Continued from page 1

Still other demographers point to non-economic drivers. For starters, young women’s birthrates have been declining for decades independent of the economy—due to growing wages for women (which increase the opportunity cost for having children), later marriages, rising college attendance, and a drop in unplanned pregnancies. However, none of these factors explain the sudden post-recession drop.

A driver that fits the timeline better is the recent decline and shifting composition in immigration. Immigrants have for many decades bolstered U.S. fertility because of Hispanics’ higher birthrates. But now, the fertility of Hispanic women has declined, and less-fertile Asian immigrants have displaced them as the country’s leading immigrant group.

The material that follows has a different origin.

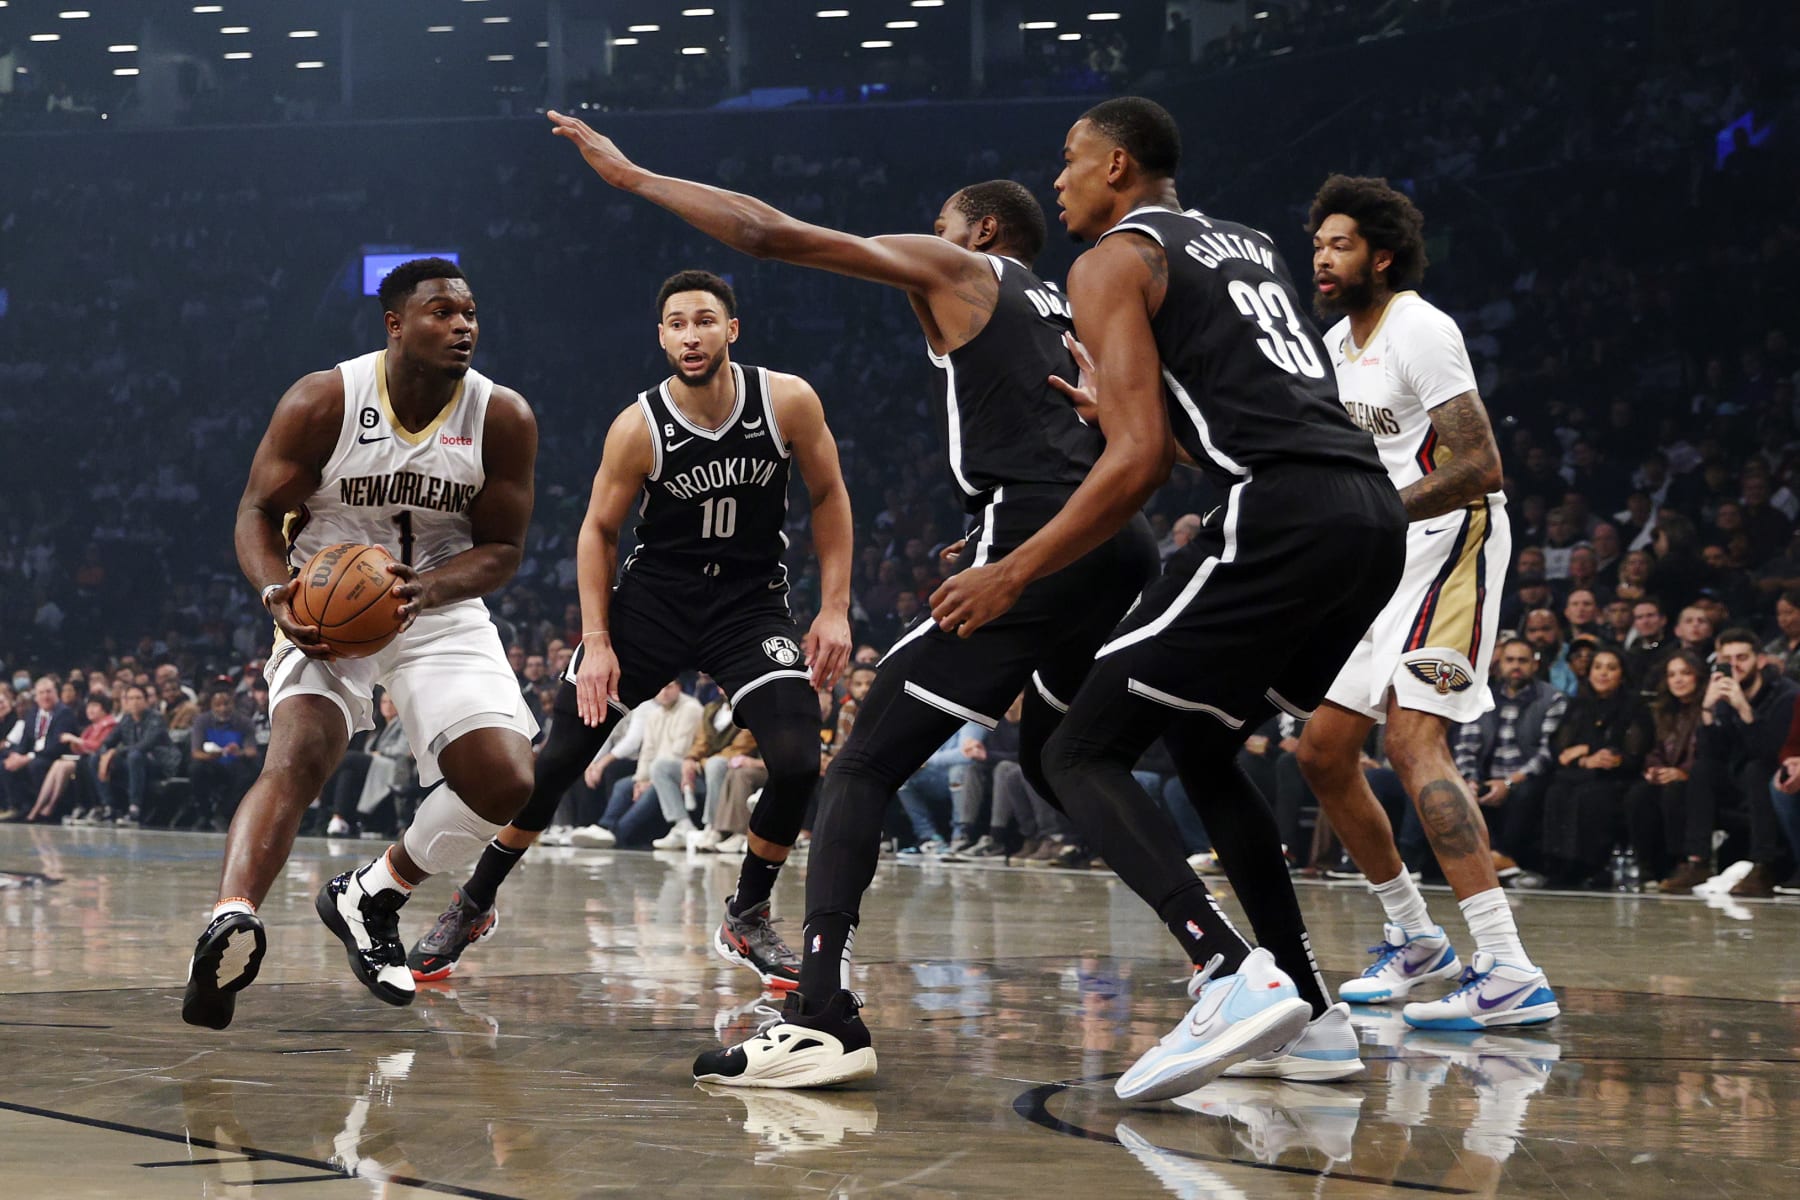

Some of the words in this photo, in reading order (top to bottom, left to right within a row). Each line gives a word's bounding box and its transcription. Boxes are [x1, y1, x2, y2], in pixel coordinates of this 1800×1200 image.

Yet another intriguing explanation with a plausible timeline is the introduction of MTV’s 16 and Pregnant, which researchers found may have lowered the teen birthrate by as much as 5.7%.

So where will America’s birthrate go from here? As we’ve seen, some of it depends on the degree to which we are seeing a tempo effect. Will the rate bounce back once the economy does, or will potential mothers be forever lost? And non-economic factors will play a part as well.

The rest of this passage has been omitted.